Of all the chemicals available out the. What would be the most female friendly, increases sex drive and has low side effects.
Also if you guys suggest any thing you have tride that worked. What was it, any side effects, dosage size and you hight and weight (she is very petite so her dosage would probably be smaller)

Best regards

1 Like

Got it. I misunderstood your post on several points. No worries about the language. This kind of communication can be difficult, even if we’re all fluent in English.

Again, I’m not an expert on any of this.

@ behavioral/ mental I thought you were talking about a “low or no sex” situation. In that case, I’d have said to try to get it going again, even if it’s for the reasons I listed. I think the drive can go dormant, and we might need to remind our body what it’s missing, even if it’s on some kind of schedule at first. Women (and men) sometimes respond to stress/ anxiety/ depression by moving away from instead of toward their partner as a source of comfort/ stress relief/ positive feelings. All things that tend to help those mental/emotional problems, much like the positive effects of exercise. It’s all interconnected.

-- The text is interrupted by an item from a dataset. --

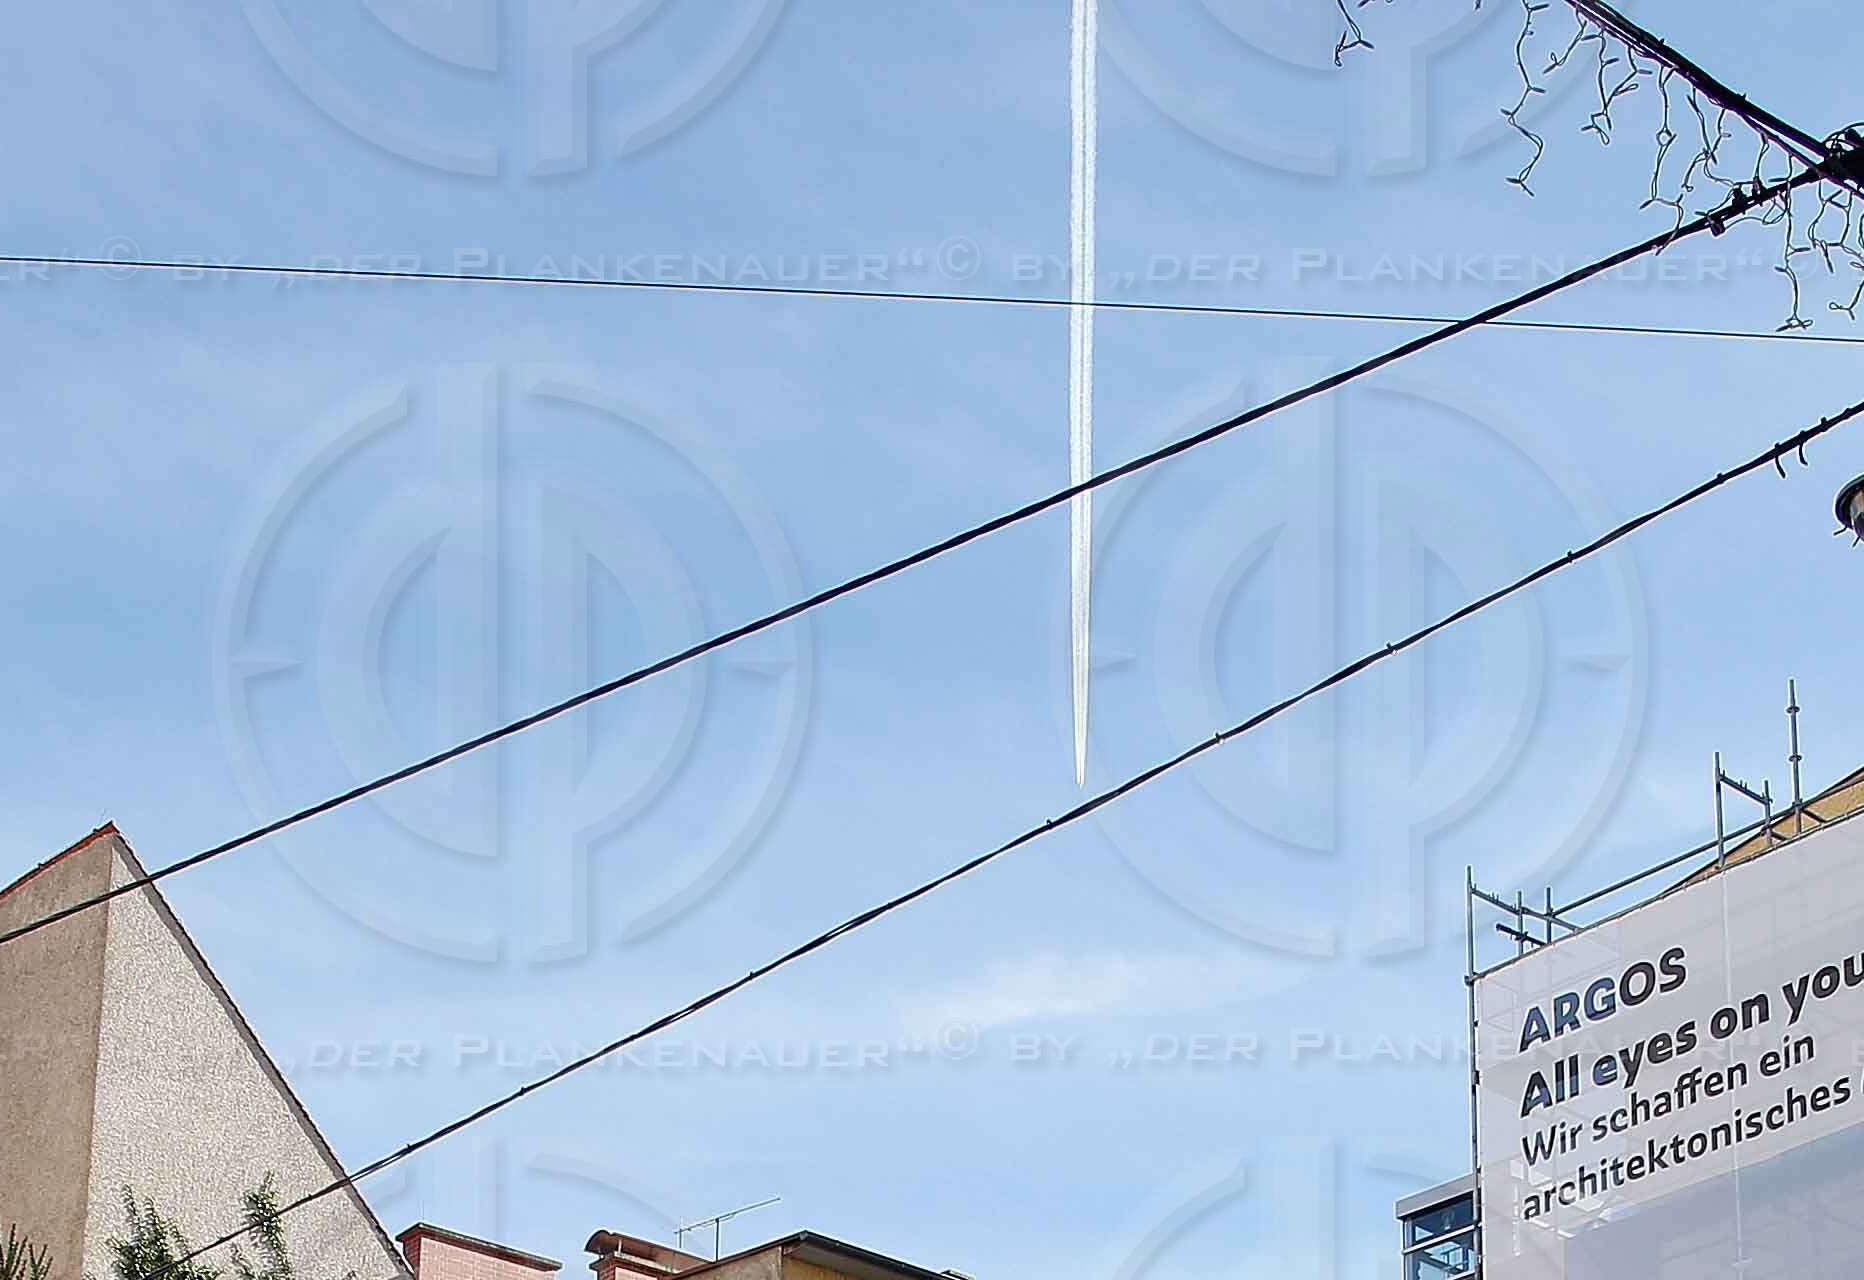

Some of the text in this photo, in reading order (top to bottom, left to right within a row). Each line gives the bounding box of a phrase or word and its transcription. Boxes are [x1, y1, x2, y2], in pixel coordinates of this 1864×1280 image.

Sorry, I have no experience with trying supplements, herbs, natural remedies for this. It’s not very helpful, but I also experienced lowered libido when on BC pills, but that normalized on it’s own when I stopped taking them. No intervention required in my case.

Well im willing to put my money on that this has something to do with bodychemistry. Since most other things like diet physical health ect are on point.
We are currently struggling with doctors to do full lab tests. Why is that so damn hard though, when you think your car is failing then you have it checked no problem. But when it is your body and health then you have to argue and struggle to know for sure, and most answer you get is “it probably nothing”.